#### Linkages Problem

From Advanced Analytics with Spark, 2nd Edition.  
*2. Introduction to Data Analysis with Scala and Spark*

In [173]:
// Read in the data. Since we're on running on local Spark, only read 1/10 partitions (~500k rows)
val dat = spark.read
    .option("header", "true")
    .option("nullValue", "?")
    .option("inferSchema", "true")
    .csv("./data/linkages.csv")
dat.getClass

/*
Using schema inference requires an extra pass over the data. 
If we know the schema ahead of time, define it using `org.apache.spark.sql.types.StructType`,
and pass it to the reader. 
This can improve performance significantly.
*/

dat = [id_1: int, id_2: int ... 10 more fields]

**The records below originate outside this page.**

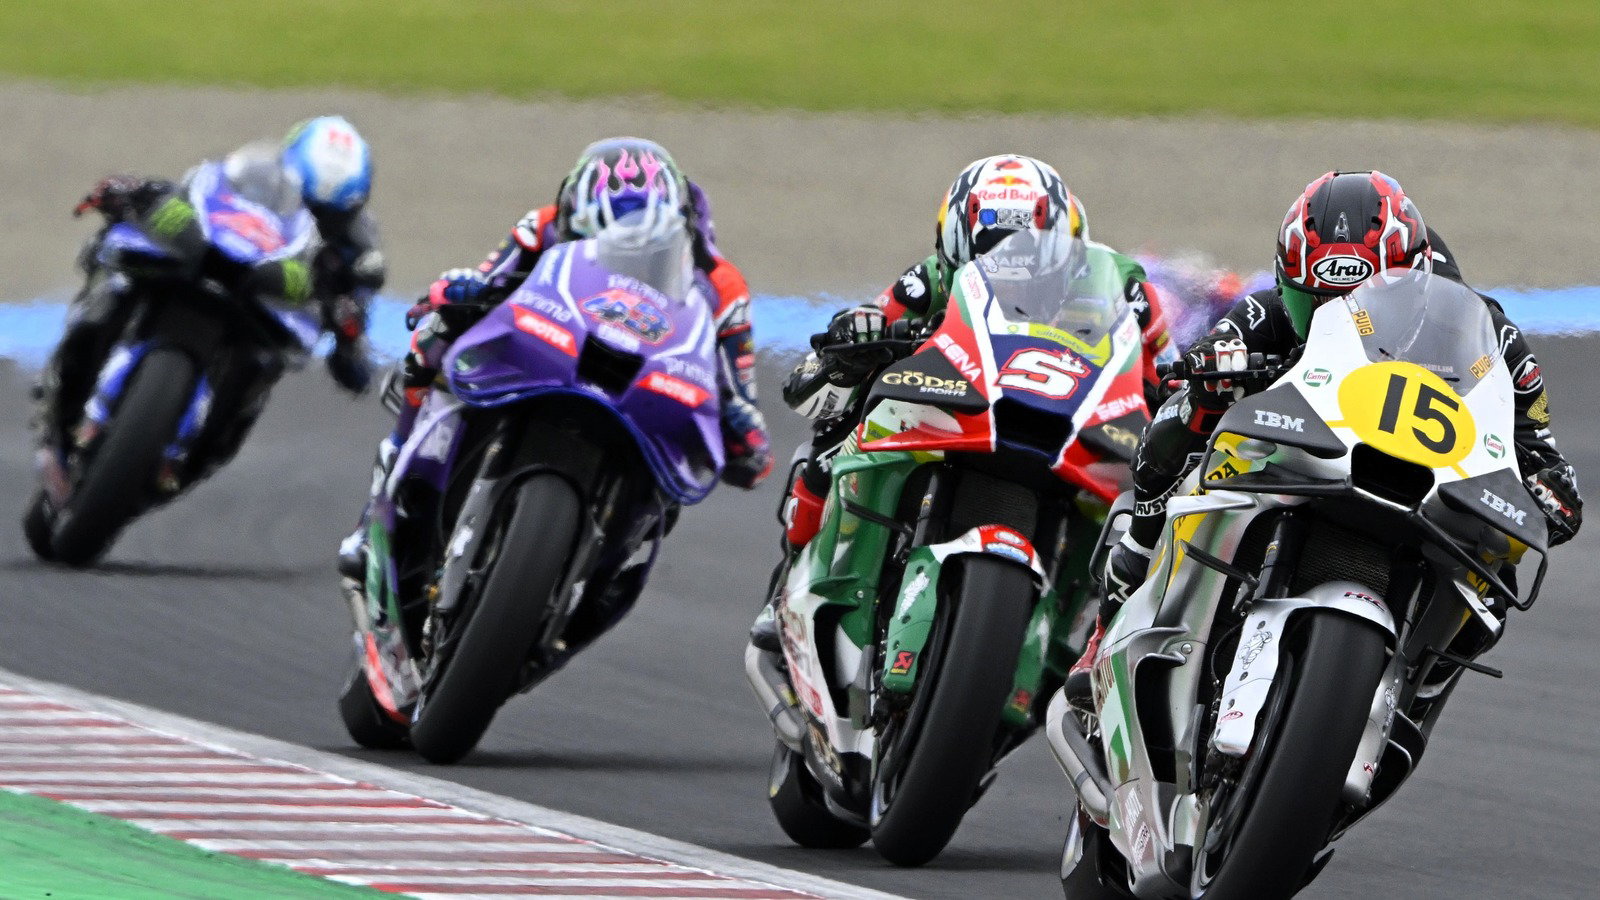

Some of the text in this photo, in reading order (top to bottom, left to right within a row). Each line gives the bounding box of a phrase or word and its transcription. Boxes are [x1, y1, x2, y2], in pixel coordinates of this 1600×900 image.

[978, 188, 1038, 201] Red Bull
[1317, 259, 1366, 277] Arai
[1356, 310, 1373, 334] PUIG
[934, 333, 982, 383] SENA
[1471, 354, 1492, 378] PUIG
[919, 386, 967, 397] SPORTS
[1095, 394, 1145, 421] SENA
[1378, 373, 1459, 454] 15
[1253, 409, 1305, 432] IBM
[1480, 488, 1527, 526] IBM
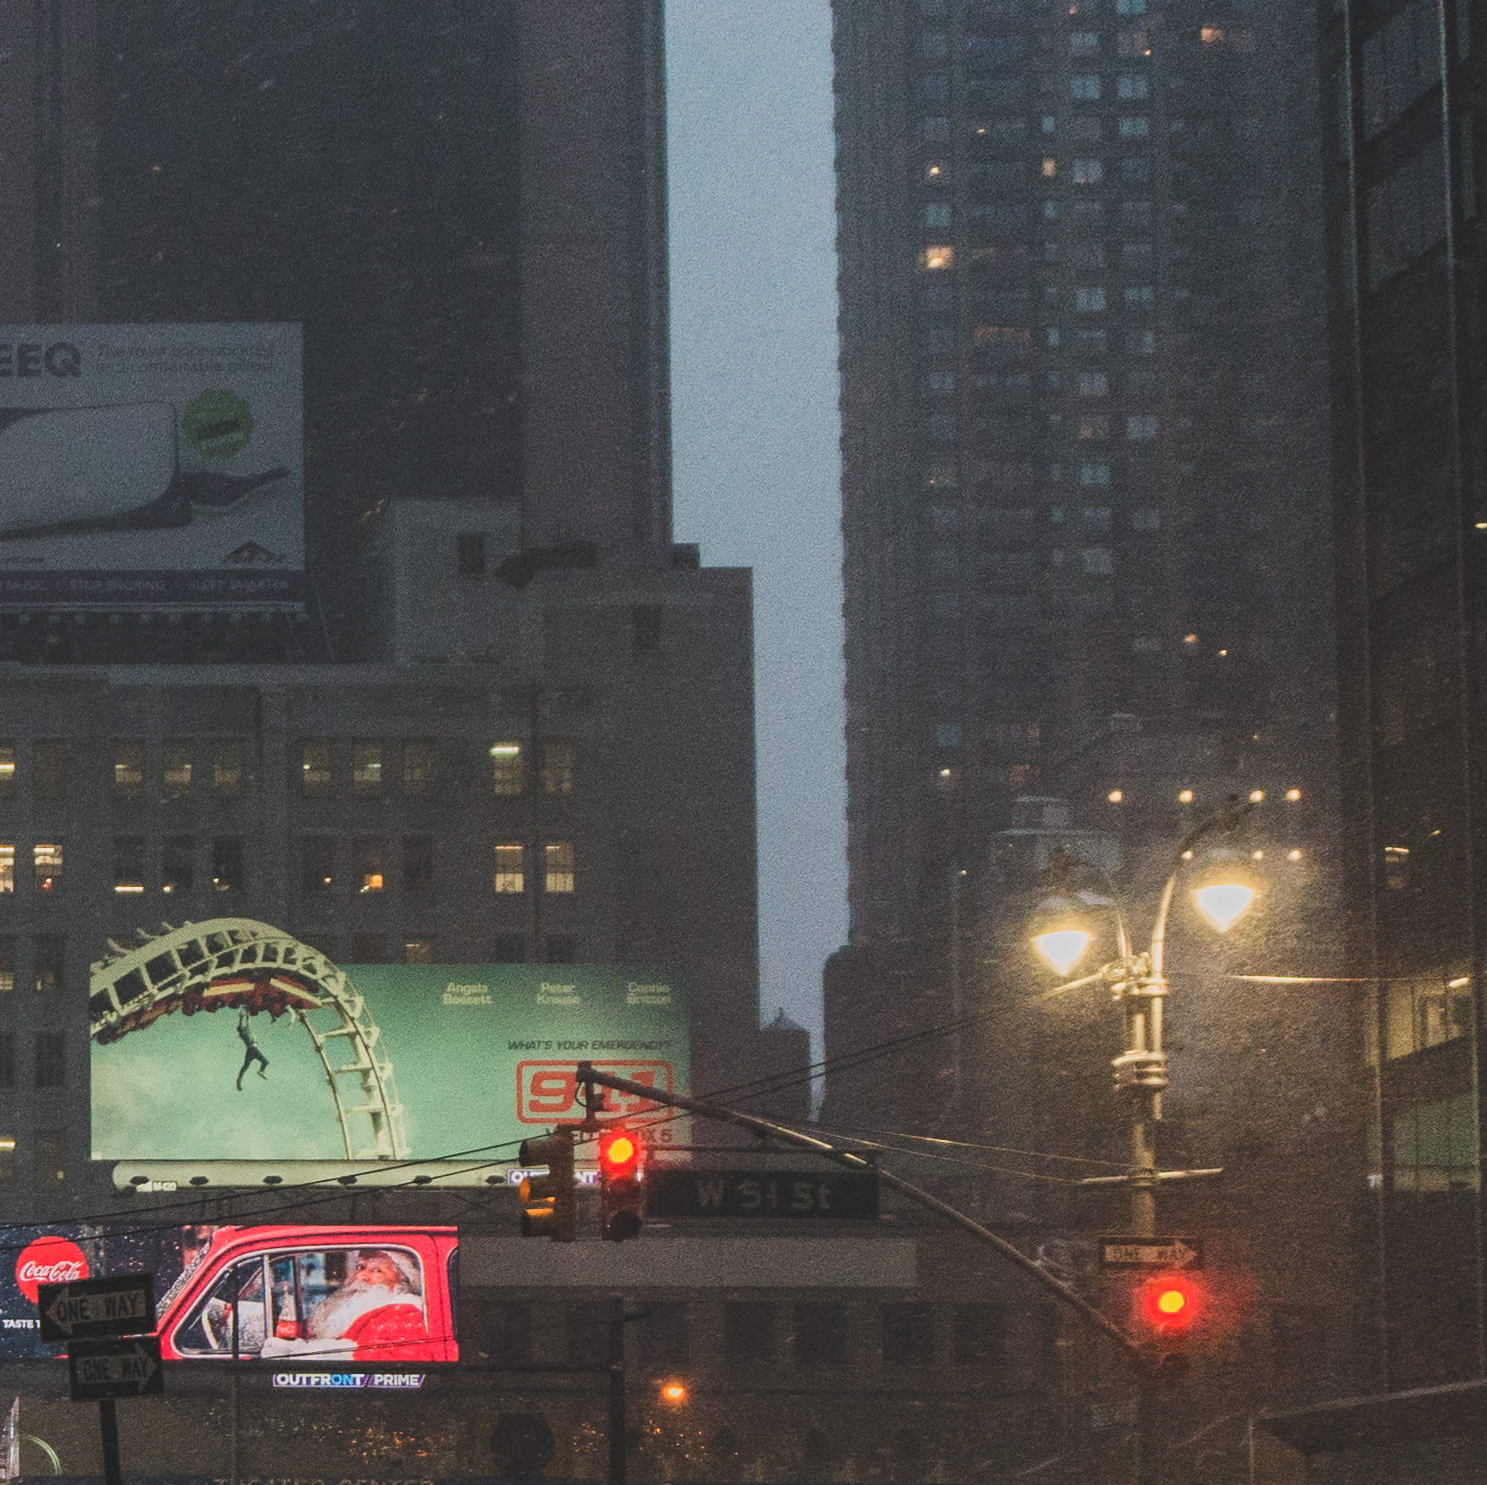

class org.apache.spark.sql.Dataset

In [174]:
// Exploratory analysis
dat.count

574913

In [81]:
dat.printSchema()

root
 |-- id_1: integer (nullable = true)
 |-- id_2: integer (nullable = true)
 |-- cmp_fname_c1: double (nullable = true)
 |-- cmp_fname_c2: double (nullable = true)
 |-- cmp_lname_c1: double (nullable = true)
 |-- cmp_lname_c2: double (nullable = true)
 |-- cmp_sex: integer (nullable = true)
 |-- cmp_bd: integer (nullable = true)
 |-- cmp_bm: integer (nullable = true)
 |-- cmp_by: integer (nullable = true)
 |-- cmp_plz: integer (nullable = true)
 |-- is_match: boolean (nullable = true)



In [34]:
dat.take(5)

0,1,2,3,4,5,6,7,8,9,10,11
37291,53113,0.833333333333333,,1.0,,1,1,1,1,0,True
39086,47614,1.0,,1.0,,1,1,1,1,1,True
70031,70237,1.0,,1.0,,1,1,1,1,1,True
84795,97439,1.0,,1.0,,1,1,1,1,1,True
36950,42116,1.0,,1.0,1.0,1,1,1,1,1,True


For the above 3 operations, Spark has reread and reprocessed the data each time. To avoid this, we `.cache()` the dataframe.

In [38]:
dat.cache()
dat.count
dat.take(2)

0,1,2,3,4,5,6,7,8,9,10,11
37291,53113,0.833333333333333,,1.0,,1,1,1,1,0,True
39086,47614,1.0,,1.0,,1,1,1,1,1,True


#### Notes on Caching

> Spark defines a few different mechanisms, or StorageLevel values, for persisting data. cache() is shorthand for persist(StorageLevel.MEMORY), which stores the rows as unserialized Java objects. When Spark estimates that a partition will not fit in memory, it simply will not store it, and it will be recomputed the next time it’s needed. This level makes the most sense when the objects will be referenced frequently and/or require low-latency access, because it avoids any serialization overhead. Its drawback is that it takes up larger amounts of memory than its alternatives. Also, holding on to many small objects puts pressure on Java’s garbage collection, which can result in stalls and general slowness.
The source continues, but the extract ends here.